Indonesia Sustainable Palm Oil (ISPO) mengadopsi prinsip-prinsip pembangunan berkelanjutan yang mengacu pada Undang-Undang Nomor 32/2009 tentang Perlindungan dan Pengelolaan Lingkungan Hidup.
Herdrajat Natawidjaja Koordinator Tim Sekretariat Komite ISPO menjelaskan bahwa Indonesia memiliki komitmen dalam pembangunan berkelanjutan yang mengacu kepada UU Nomor 32/2009 tentang Perlindungan dan Pengelolaan Lingkungan Hidup.
Dalam regulasi tersebut dijelaskan bahwa Pembangunan berkelanjutan adalah upaya sadar dan terencana yang memadukan aspek lingkungan hidup, sosial, dan ekonomi ke dalam strategi pembangunan untuk menjamin keutuhan lingkungan hidup serta keselamatan, kemampuan, kesejahteraan, dan mutu hidup generasi masa kini dan masa depan.
Dijelaskan Herdrajat, terdapat empat komponen pembangunan berkelanjutan yaitu dinamis, serasi, seimbang, dan terpadu. “Ini menjadi sesuatu yang penting karena UU ini sebagai pendukung pelaksanaan sertifikasi ISPO di lapangan,” ujar dia dalam webinar bertemakan “Inovasi Sebagai Kunci Tata Kelola Sawit Inklusif dan Ramah Lingkungan” yang diselenggarakan Majalah Sawit Indonesia dan Syngenta.

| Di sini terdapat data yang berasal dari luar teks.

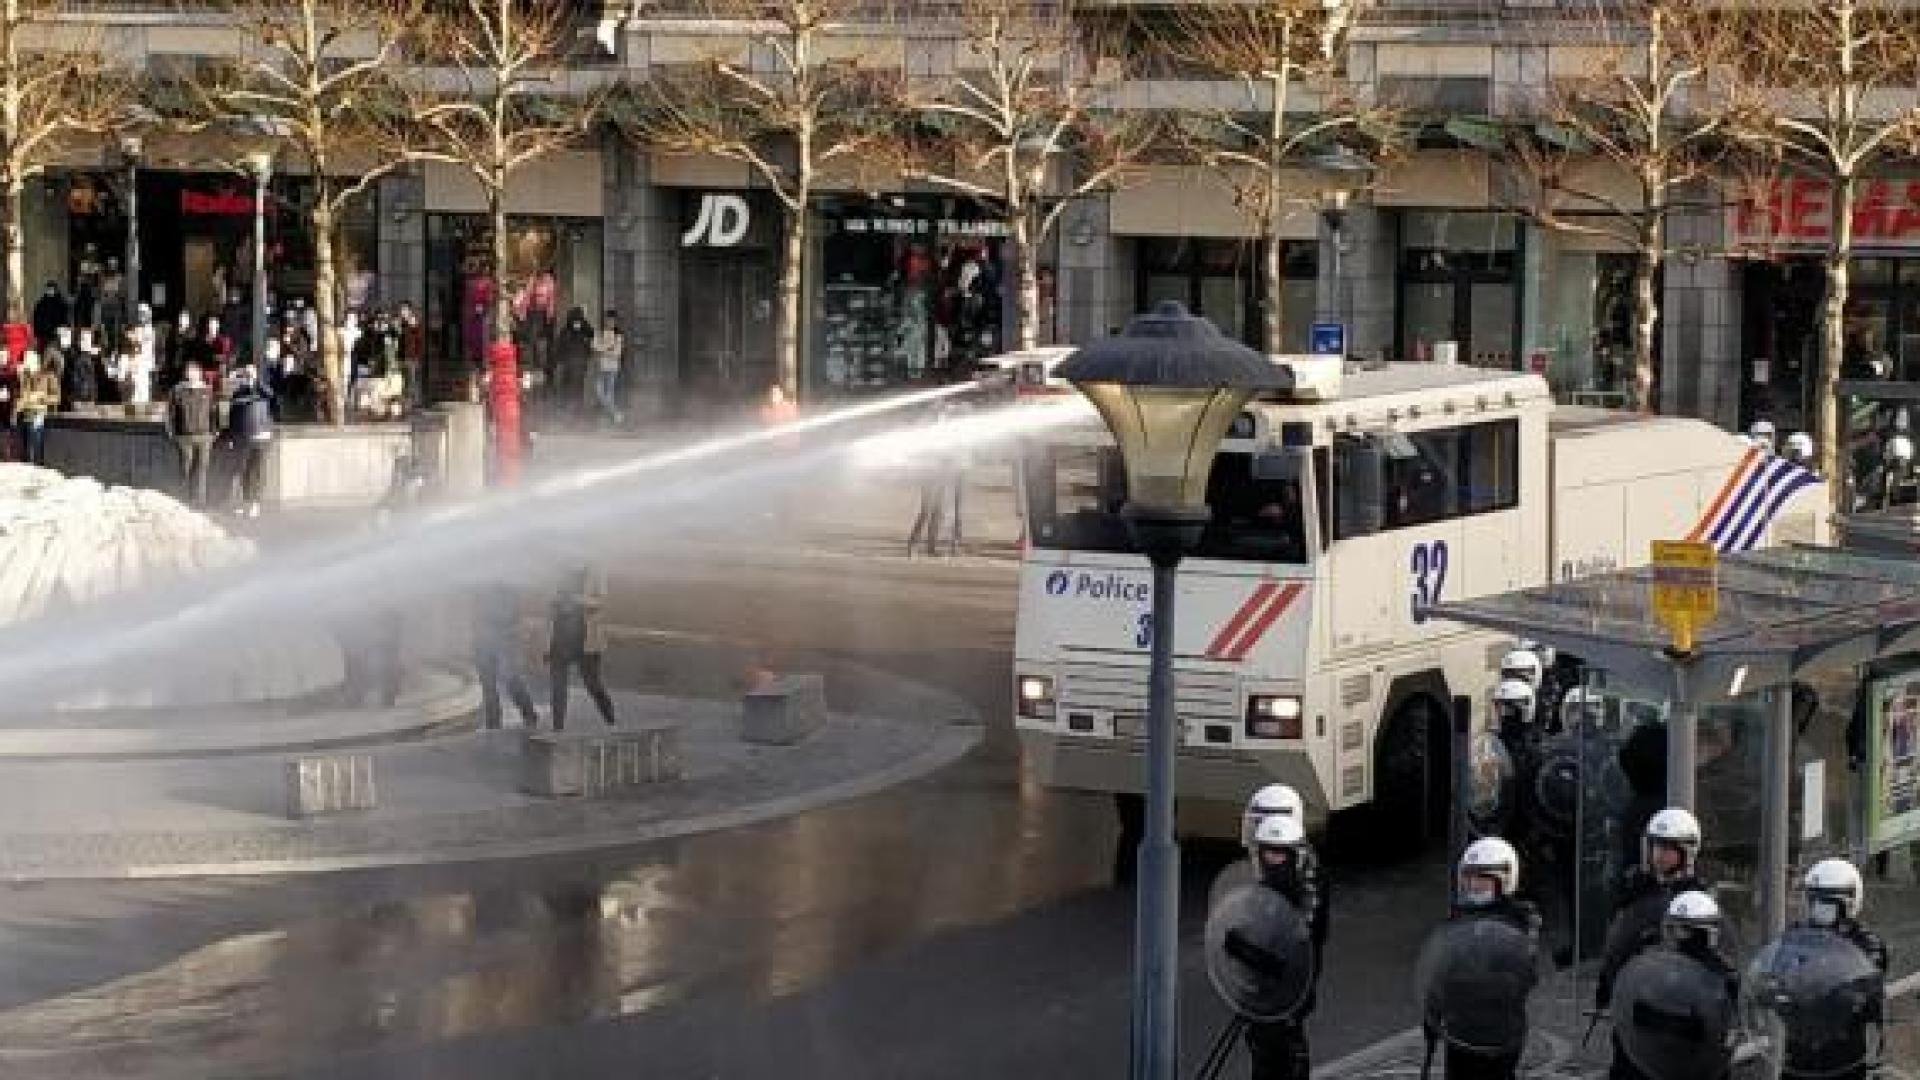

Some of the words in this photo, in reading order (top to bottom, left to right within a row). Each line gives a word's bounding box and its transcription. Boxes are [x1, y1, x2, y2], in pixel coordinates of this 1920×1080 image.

[682, 193, 750, 247] JD
[1075, 573, 1148, 601] Police
[1411, 540, 1448, 624] 32
[1136, 612, 1154, 648] 3
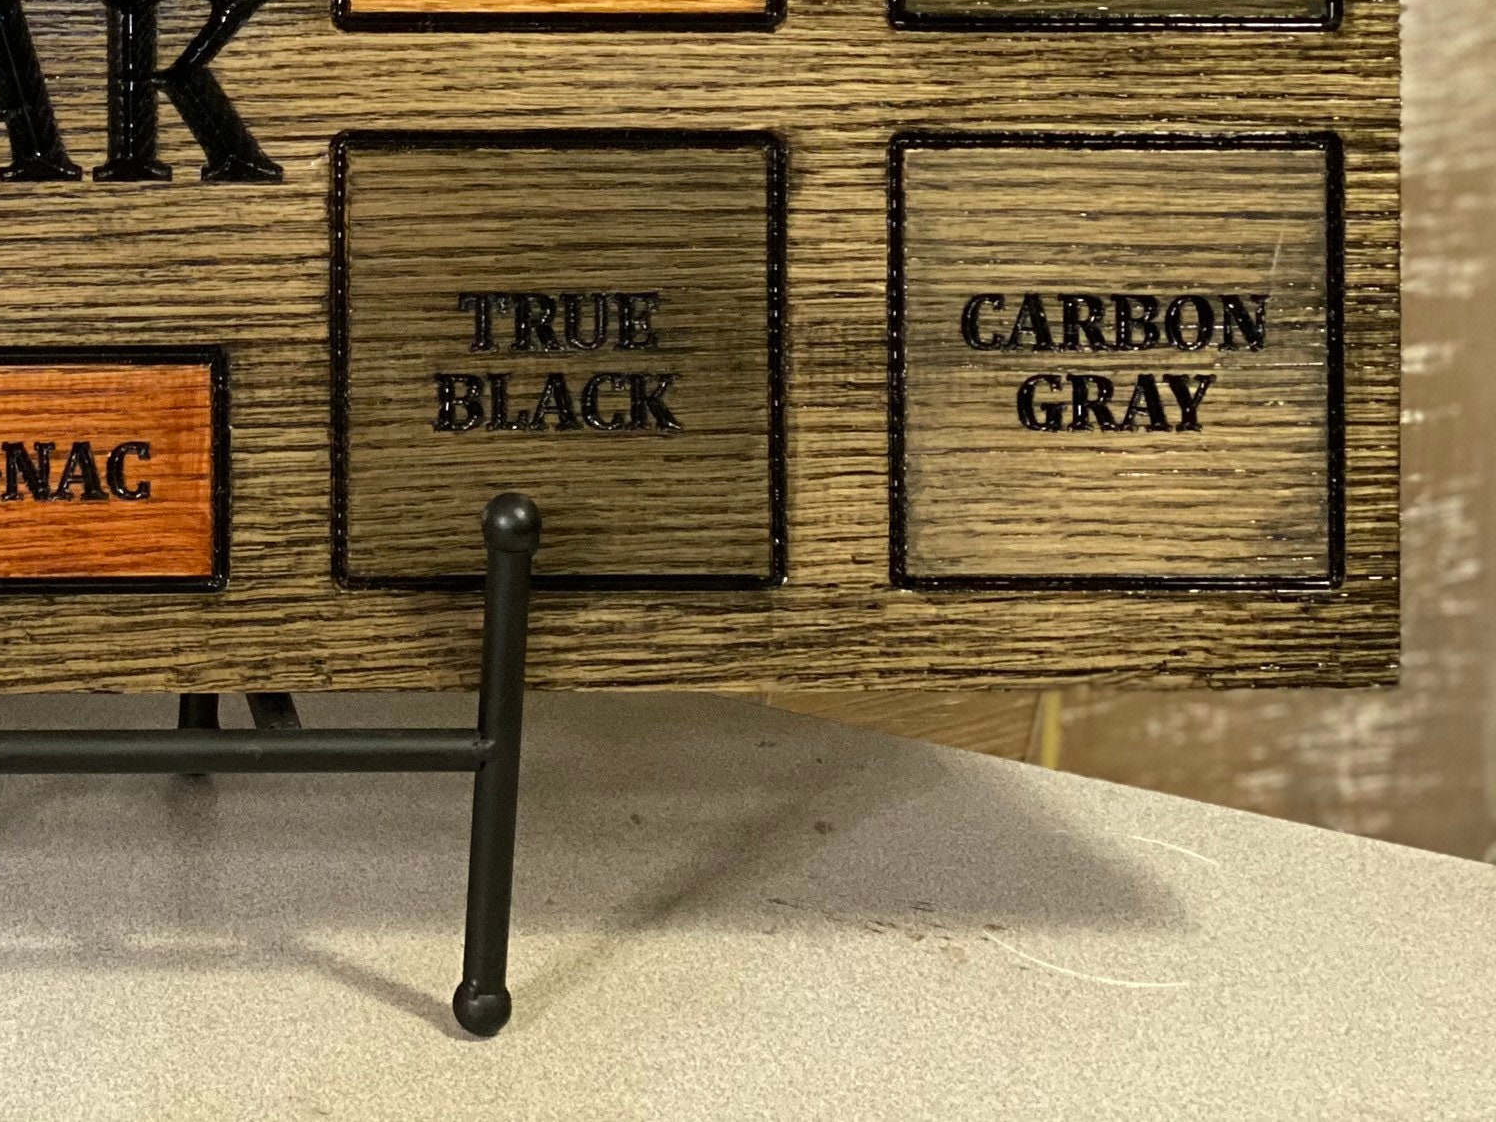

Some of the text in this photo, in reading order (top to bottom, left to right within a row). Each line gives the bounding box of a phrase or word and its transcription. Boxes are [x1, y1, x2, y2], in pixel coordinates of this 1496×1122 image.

[457, 291, 660, 353] TRUE
[959, 293, 1271, 354] CARBON
[433, 372, 682, 433] BLACK
[1016, 372, 1216, 433] GRAY

Adapun dimensi pembangunan berkelanjutan meliputi pembangunan ekonomi, keadilan sosial dan kelestarian lingkungan. “ISPO mengadopsi prinsip-prinsip pembangunan berkelanjutan sesuai amanah Undang-Undang yakni. Dengan tiga sasaran pokok adalah ekonomi, sosial dan ekologi,” ujar Herdrajat.
Dia mengatakan, kelapa sawit berkelanjutan Indonesia sebagai usaha sistem perkebunan sawit Indonesia ramah lingkungan, layak secara ekonomi dan sesuai perundangan yang berlaku.

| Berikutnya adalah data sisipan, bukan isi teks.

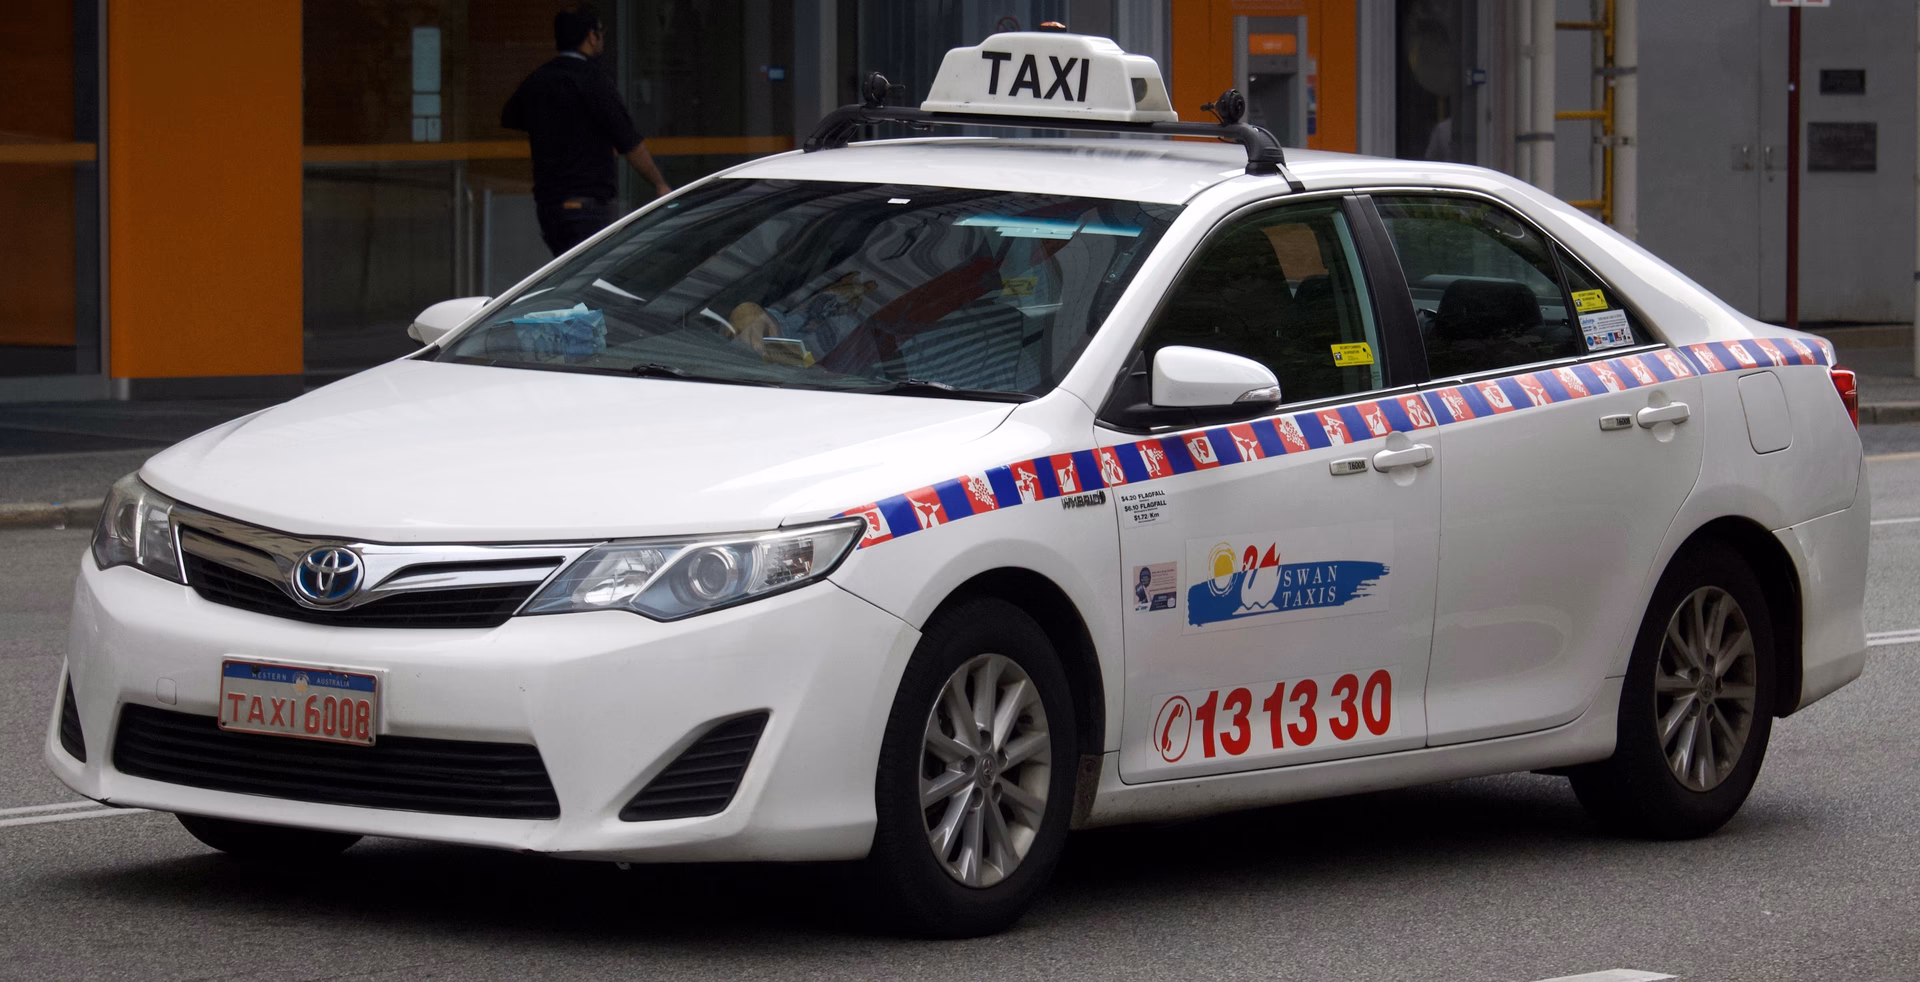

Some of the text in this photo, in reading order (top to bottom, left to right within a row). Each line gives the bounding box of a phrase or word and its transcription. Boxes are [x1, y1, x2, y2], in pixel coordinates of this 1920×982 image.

[982, 51, 1090, 102] TAXI
[1138, 490, 1165, 499] FLAGFALL
[1140, 500, 1167, 509] FLAGFALL
[1283, 565, 1338, 587] SWAN
[1282, 586, 1336, 608] TAXIS
[252, 671, 350, 688] WESTERN AUSTRALIA
[228, 692, 370, 739] TAXI 6008
[1195, 669, 1392, 759] 13 13 30

Implementasi ISPO sejak tahun 2011, diawali Peraturan Menteri Pertanian (Permentan) No.19 Tahun 2011 dan diperkuat dengan lahirnya Peraturan Presiden (Perpres) 44 Tahun 2020 tentang Sistem Sertifikasi Perkebunan Kelapa Sawit Berkelanjutan. “ISPO wajib bagi perusahaan dan pekebun sawit,” ujar dia.
Ada perbedaan sistem sertifikasi dalam pelaksanaanya sekarang karena sertifikasi 100 persen dilakukan oleh lembaga Sertifikasi (LS) ISPO secara independen. “Sebelumnya masih ada komunikasi dengan Sekretariat Komisi ISPO. Namun sekarang sepenuhnya independen dilakukan LS ISPO sendiri,” terang Herdrajat.

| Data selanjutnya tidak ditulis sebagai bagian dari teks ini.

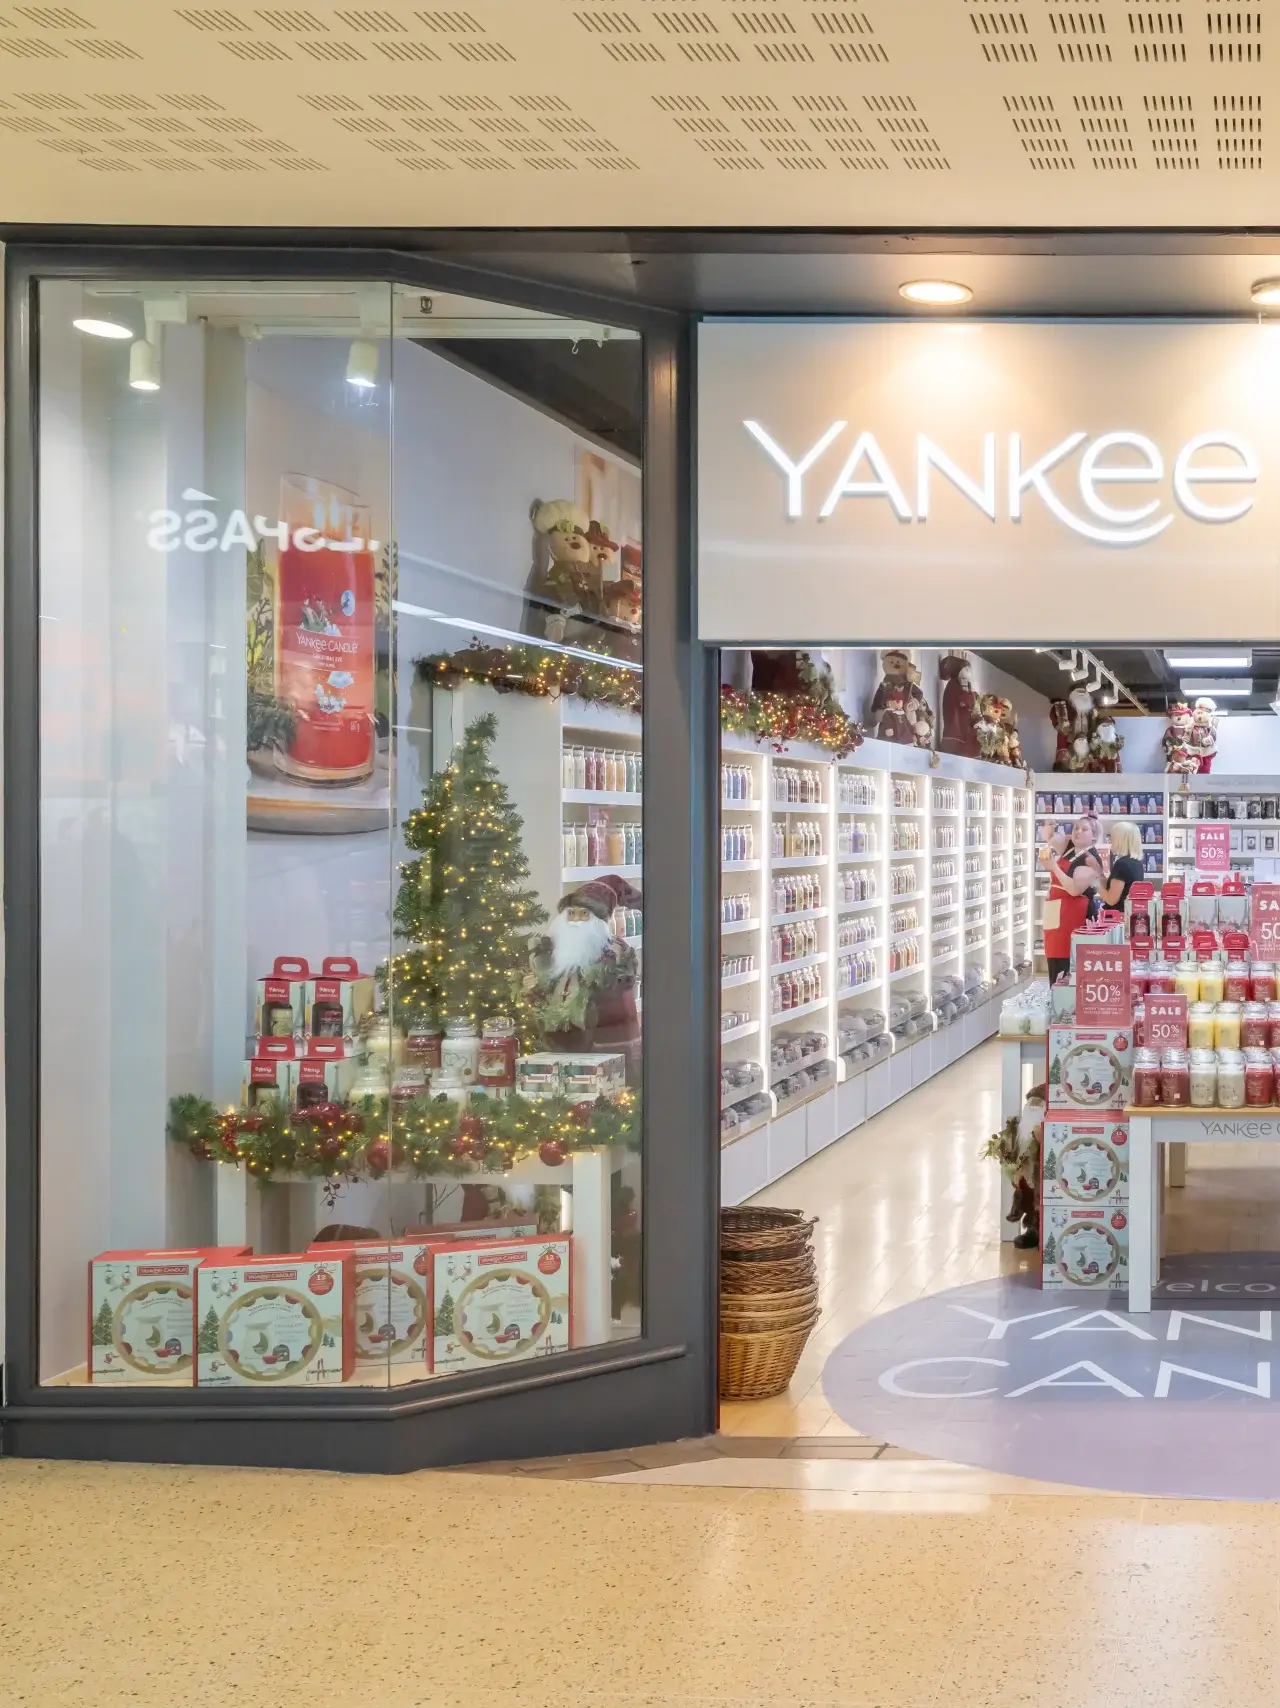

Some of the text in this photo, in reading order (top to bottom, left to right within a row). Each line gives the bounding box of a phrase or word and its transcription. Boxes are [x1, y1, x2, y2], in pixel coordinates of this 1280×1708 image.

[1201, 847, 1224, 858] 50%
[1083, 960, 1123, 972] SALE
[1085, 984, 1121, 1003] 50%
[1151, 1006, 1181, 1015] SALE
[1152, 1024, 1180, 1038] 50%

Kemudian dibentuk Dewan Pengarah dan Komite ISPO yang melibatkan Gubernur, Bupati dan Walikota untuk ikut melakukan pembinaan dan pengawasan di wilayah masing-masing. “Jadi harapannya ISPO menjadi lebih kuat,” ujar dia.
Tujuan sertifikasi memastikan dan meningkatkan pengelolaan serta pengembangan perkebunan kelapa sawit sesuai prinsip dan kriteria ISPO. Kedua, meningkatkan keberterimaan dan daya saing hasil perkebunan kelapa sawit di pasar nasional maupun internasional. Ketiga, meningkatkan upaya percepatan penurunan emisi gas rumah kaca.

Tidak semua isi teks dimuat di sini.